Neu im Herbst eingestellt: Warum die Jahressonderzahlung im ersten Jahr kleiner ausfällt

Entscheidend sind Zeitraum, Monate und Stichtag

Maßgeblich ist zunächst der tariflich bestimmte Bemessungszeitraum: Für die Berechnung wird betrachtet, welches Entgelt in den vorgesehenen Monaten zugrunde liegt. Zusätzlich wird die Sonderzahlung für jeden Monat gekürzt, in dem die tariflichen Voraussetzungen nicht vorlagen. Prüfen Sie daher zuerst den Bemessungszeitraum, tragen Sie danach den Beginn des Arbeitsverhältnisses in https://tv-l-rechner.de/ ein und gleichen Sie die berücksichtigten Monate mit der Bezügemitteilung ab. So wird sichtbar, ob ein später Herbstbeginn die Grundlage, die anteilige Kürzung oder beides beeinflusst.

Warum der Eintritt im Oktober anders wirken kann als im November

Ein Arbeitsbeginn vor dem Ende des Bemessungszeitraums kann dazu führen, dass bereits ein Teil des neuen Entgelts in die Berechnung einfließt. Beginnt das Arbeitsverhältnis erst danach, gelten für die Bemessung besondere tarifliche Anknüpfungen; dann ist nicht automatisch das gesamte bisherige Kalenderjahr berücksichtigt. Unabhängig davon bleibt die monatliche Kürzung wichtig: Vor dem Eintritt liegende Monate können den Gesamtbetrag mindern, obwohl im November bereits ein Arbeitsverhältnis besteht. Ob ein Monat zählt, hängt von den tariflichen Voraussetzungen und nicht allein vom ersten Arbeitstag ab.

Der Stichtag im Dezember entscheidet über den Zugang

Ein weiterer Prüfpunkt liegt nicht beim Eintritt im Herbst, sondern am tariflichen Stichtag im Dezember. Das Arbeitsverhältnis muss zu diesem Zeitpunkt grundsätzlich noch bestehen. Wer vor dem Stichtag ausscheidet, kann deshalb trotz mehrerer geleisteter Monate anders behandelt werden als jemand, der an diesem Tag noch beschäftigt ist. Auch Unterbrechungen und besondere Zeiten können die Bewertung beeinflussen. Der Stichtag ist somit keine Nebensache: Er entscheidet zunächst darüber, ob die Sonderzahlung dem Grunde nach erreicht wird; erst danach kommt die anteilige Berechnung.

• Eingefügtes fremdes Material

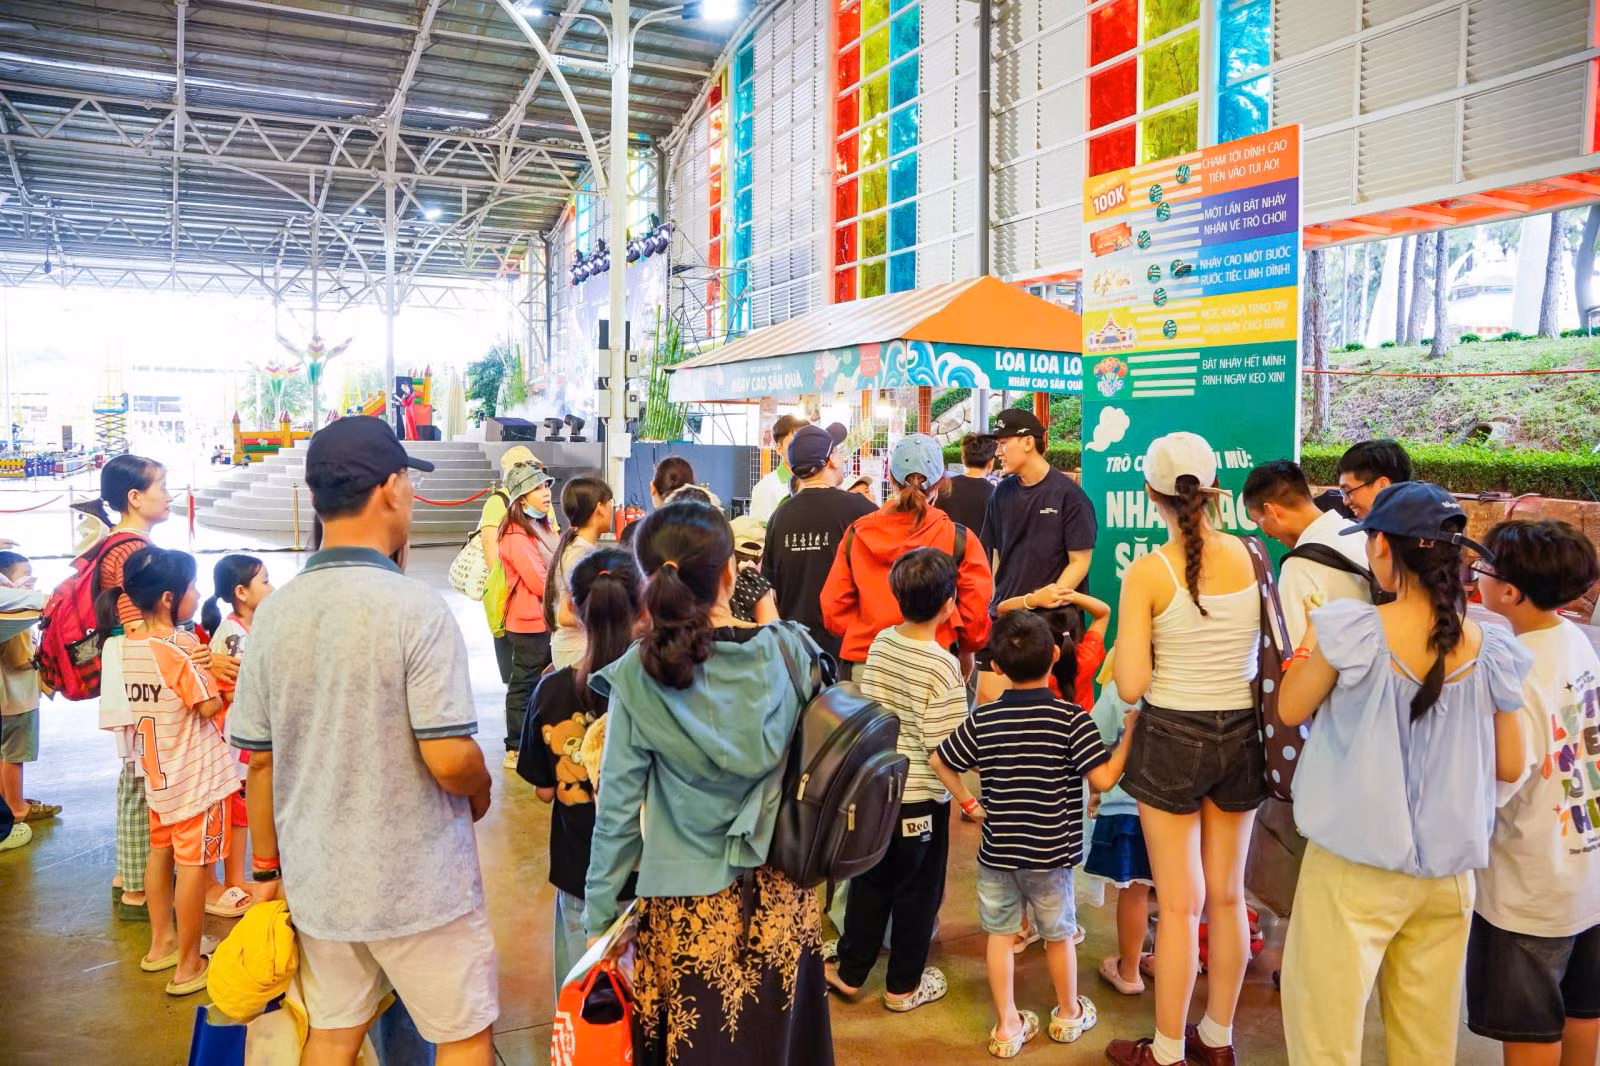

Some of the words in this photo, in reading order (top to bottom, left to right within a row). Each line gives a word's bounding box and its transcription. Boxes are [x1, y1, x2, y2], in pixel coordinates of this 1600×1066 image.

[1267, 139, 1288, 154] CAO
[1093, 184, 1126, 214] 100K
[1223, 253, 1243, 267] CAO
[1243, 266, 1264, 281] LINH
[995, 350, 1026, 373] LOA
[1029, 353, 1060, 375] LOA
[1063, 356, 1084, 377] LO
[751, 374, 767, 392] CAO
[1032, 377, 1048, 389] CAO
[1202, 374, 1222, 387] RINH
[1223, 373, 1247, 386] NGAY
[1106, 452, 1131, 472] TRÒ
[1106, 490, 1168, 528] NHA

Die Höhe richtet sich nicht nur nach dem Eintrittsmonat

Der Prozentsatz der Jahressonderzahlung ist nach Entgeltgruppen gestaffelt. Welche Entgeltgruppe gilt, wird aus der tatsächlich übertragenen Tätigkeit abgeleitet und vom Arbeitgeber festgestellt; ein Rechner oder eine eigene Einschätzung entscheidet diese Frage nicht. Auch Stufe, Tabellenstand, Beschäftigungsumfang und tarifliche Entgeltbestandteile können die Berechnungsgrundlage verändern. Zulagen und Zuschläge gehören nicht ohne Weiteres zur selben Grundlage wie das Tabellenentgelt. Der verbindliche Wert steht in der aktuellen Entgelttabelle und in der eigenen Bezügemitteilung.

Diese Punkte gehören in die Prüfung

  • Beginn und Ende des Arbeitsverhältnisses im Kalenderjahr
  • Bestehen des Arbeitsverhältnisses am maßgeblichen Dezember-Stichtag
  • Tariflicher Bemessungszeitraum und die darin berücksichtigten Entgeltmonate
  • Monate ohne tariflichen Anspruch und die daraus folgende anteilige Kürzung
  • Entgeltgruppe, Stufe, Beschäftigungsumfang und der aktuelle Tabellenstand
  • Abweichungen zwischen eigener Rechnung und Bezügemitteilung

Wann die Personalstelle gefragt ist

Bleibt unklar, welcher Zeitraum angewandt wurde, warum ein Monat gekürzt wurde oder weshalb die Mitteilung von der eigenen Rechnung abweicht, sollte die Personalstelle die Berechnung erläutern. Bei einer strittigen Eingruppierung endet die eigene Rechnung ebenfalls an der Tätigkeitsbewertung; hier können Personalrat, Gewerkschaft oder eine arbeitsrechtliche Beratung einbezogen werden. Verbindlich sind am Ende die aktuelle tarifliche Regelung, die Entgelttabelle und die konkrete Bezügemitteilung.